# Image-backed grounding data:
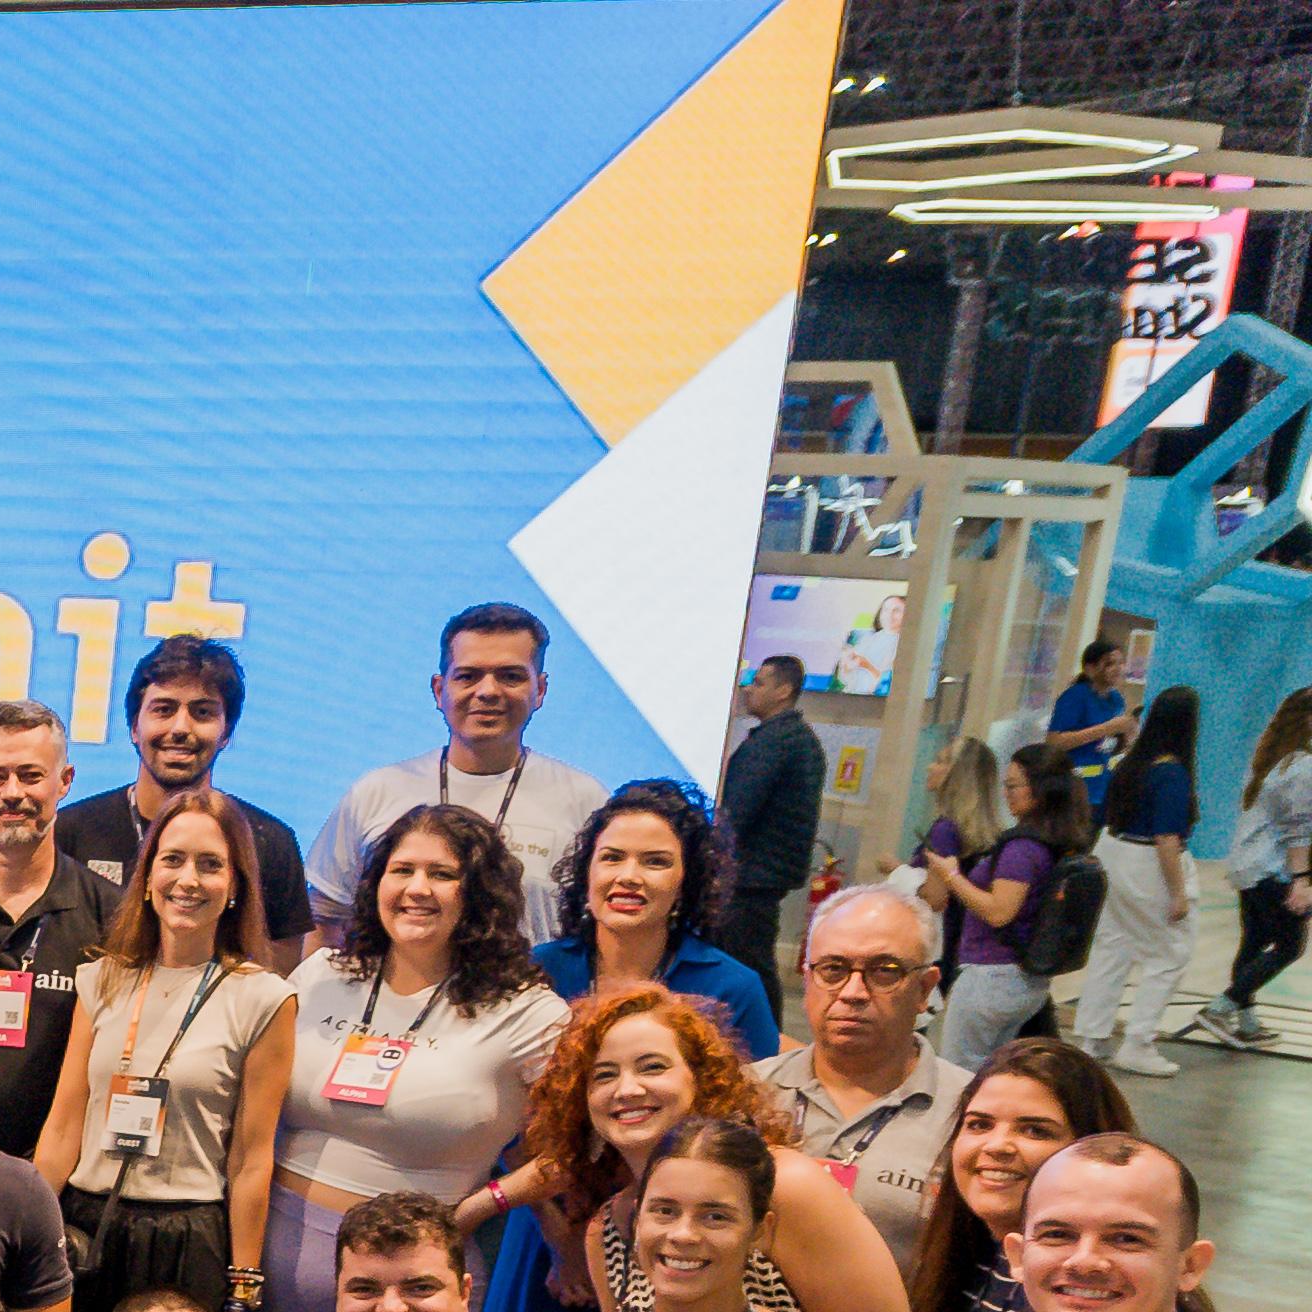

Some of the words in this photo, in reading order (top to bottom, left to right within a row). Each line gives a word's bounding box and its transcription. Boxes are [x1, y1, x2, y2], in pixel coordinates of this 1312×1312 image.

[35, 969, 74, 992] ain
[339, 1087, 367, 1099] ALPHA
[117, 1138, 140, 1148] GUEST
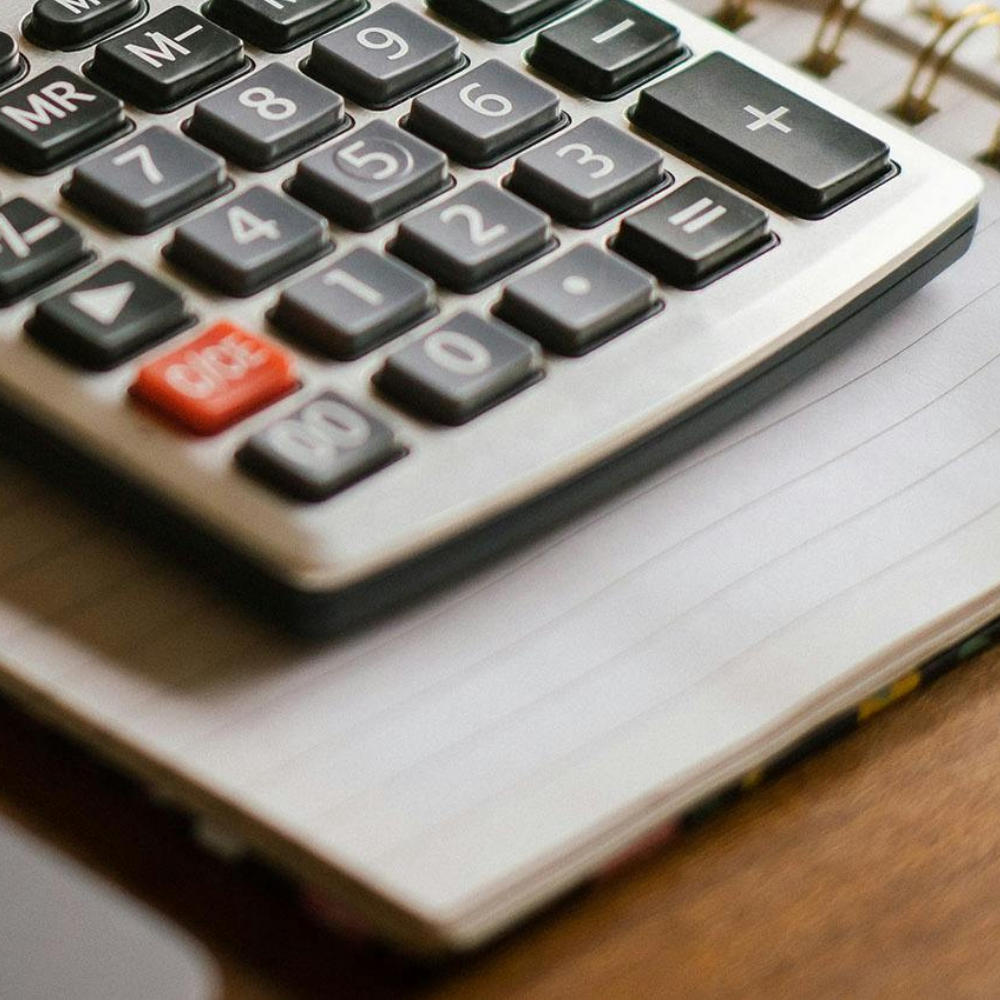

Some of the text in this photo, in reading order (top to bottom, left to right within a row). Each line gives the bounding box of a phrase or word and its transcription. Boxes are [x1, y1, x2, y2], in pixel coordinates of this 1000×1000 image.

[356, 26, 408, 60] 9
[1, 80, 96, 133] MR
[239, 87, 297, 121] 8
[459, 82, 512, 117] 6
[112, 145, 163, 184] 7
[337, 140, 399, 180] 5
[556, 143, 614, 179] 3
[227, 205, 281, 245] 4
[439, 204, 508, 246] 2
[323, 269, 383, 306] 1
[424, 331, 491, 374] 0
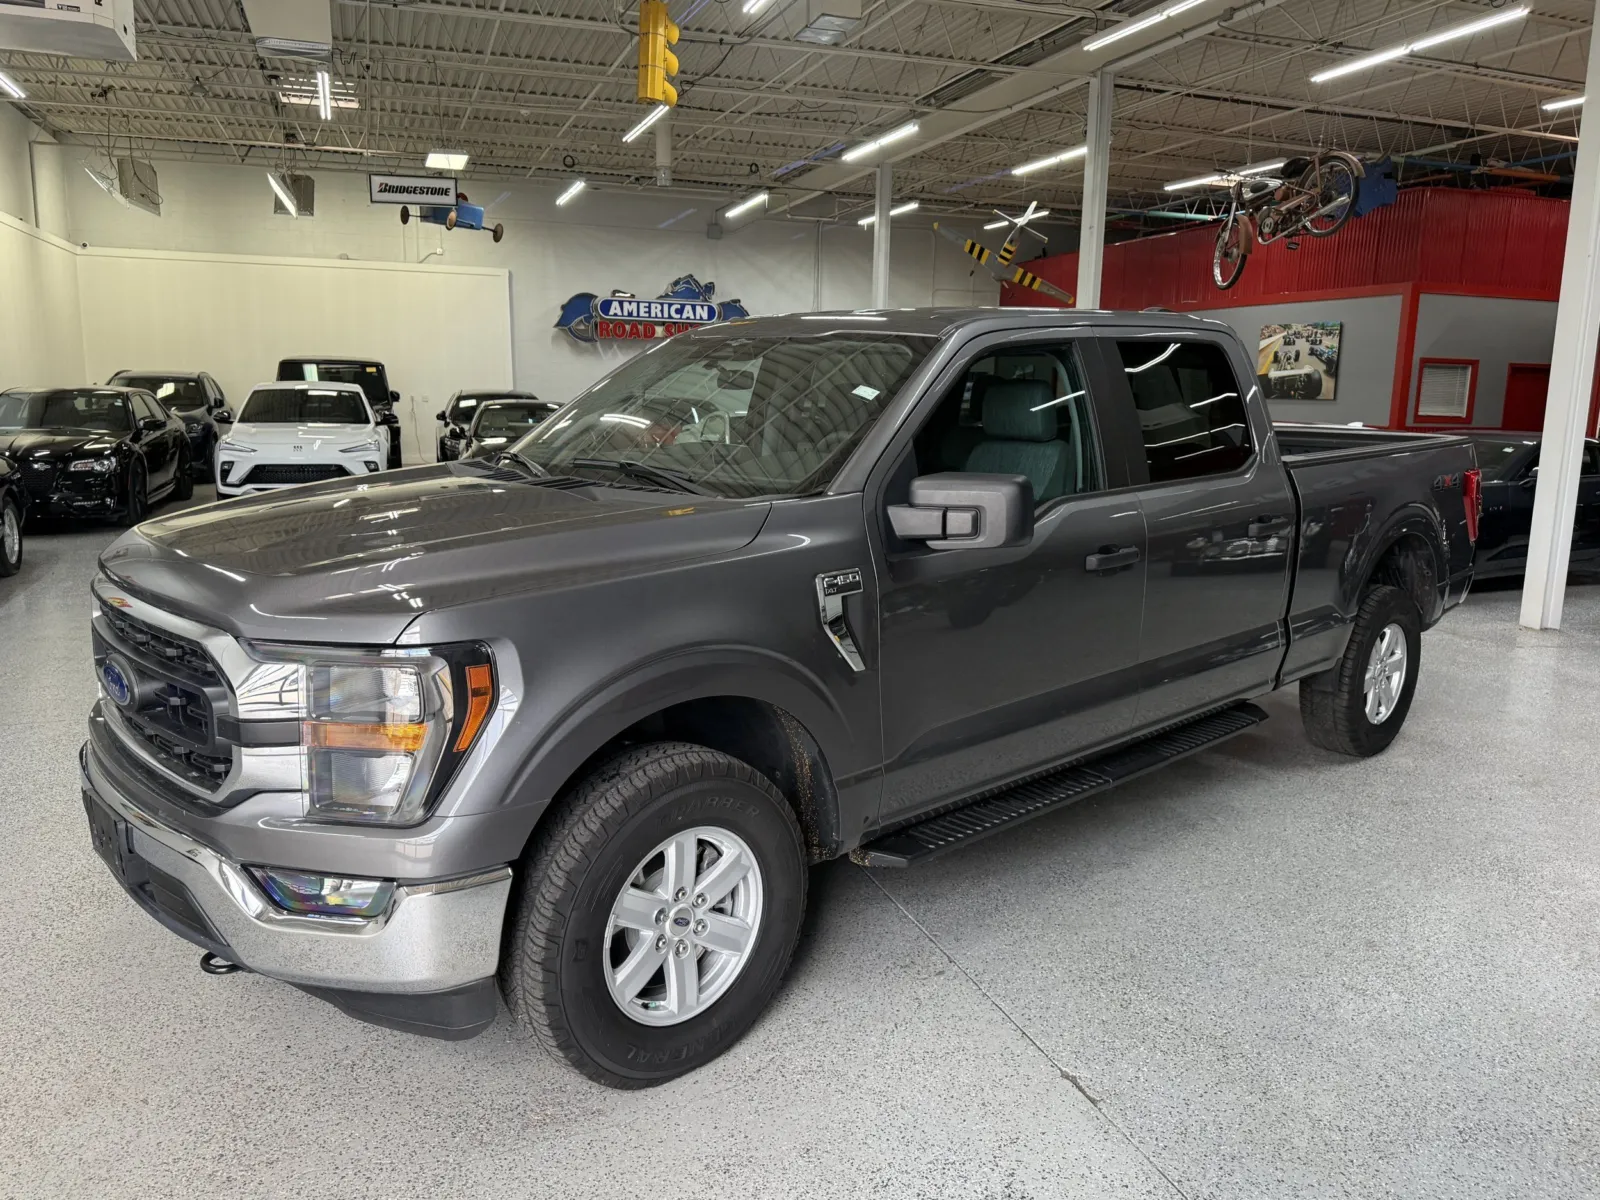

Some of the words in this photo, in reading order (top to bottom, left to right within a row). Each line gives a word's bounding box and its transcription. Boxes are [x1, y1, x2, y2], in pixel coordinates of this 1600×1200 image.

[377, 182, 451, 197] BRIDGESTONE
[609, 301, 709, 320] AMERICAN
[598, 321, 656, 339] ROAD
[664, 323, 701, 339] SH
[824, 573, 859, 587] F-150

# WHAT IS BEING ASKED:
Would you please write out the entries in full, exactly as they read, but without pictures?

# ANSWER AREA:
Some of the words in this photo, in reading order (top to bottom, left to right within a row). Each line gives a word's bounding box and its transcription. Boxes are [x1, y1, x2, y2], in pixel coordinates of this 1312×1312 image.

[35, 969, 74, 992] ain
[339, 1087, 367, 1099] ALPHA
[117, 1138, 140, 1148] GUEST

Some of the text in this photo, in reading order (top to bottom, left to right within a row). Each line gives the bounding box of a phrase or word and its transcription. Boxes are [x1, y1, x2, y2], in pixel coordinates of this 1000×1000 image.

[356, 26, 408, 60] 9
[1, 80, 96, 133] MR
[239, 87, 297, 121] 8
[459, 82, 512, 117] 6
[112, 145, 163, 184] 7
[337, 140, 399, 180] 5
[556, 143, 614, 179] 3
[227, 205, 281, 245] 4
[439, 204, 508, 246] 2
[323, 269, 383, 306] 1
[424, 331, 491, 374] 0

Some of the words in this photo, in reading order (top to bottom, left to right within a row). Each line gives a word's bounding box and its transcription. Boxes are [x1, y1, x2, y2], in pixel coordinates of this 1600×1200 image.

[377, 182, 451, 197] BRIDGESTONE
[609, 301, 709, 320] AMERICAN
[598, 321, 656, 339] ROAD
[664, 323, 701, 339] SH
[824, 573, 859, 587] F-150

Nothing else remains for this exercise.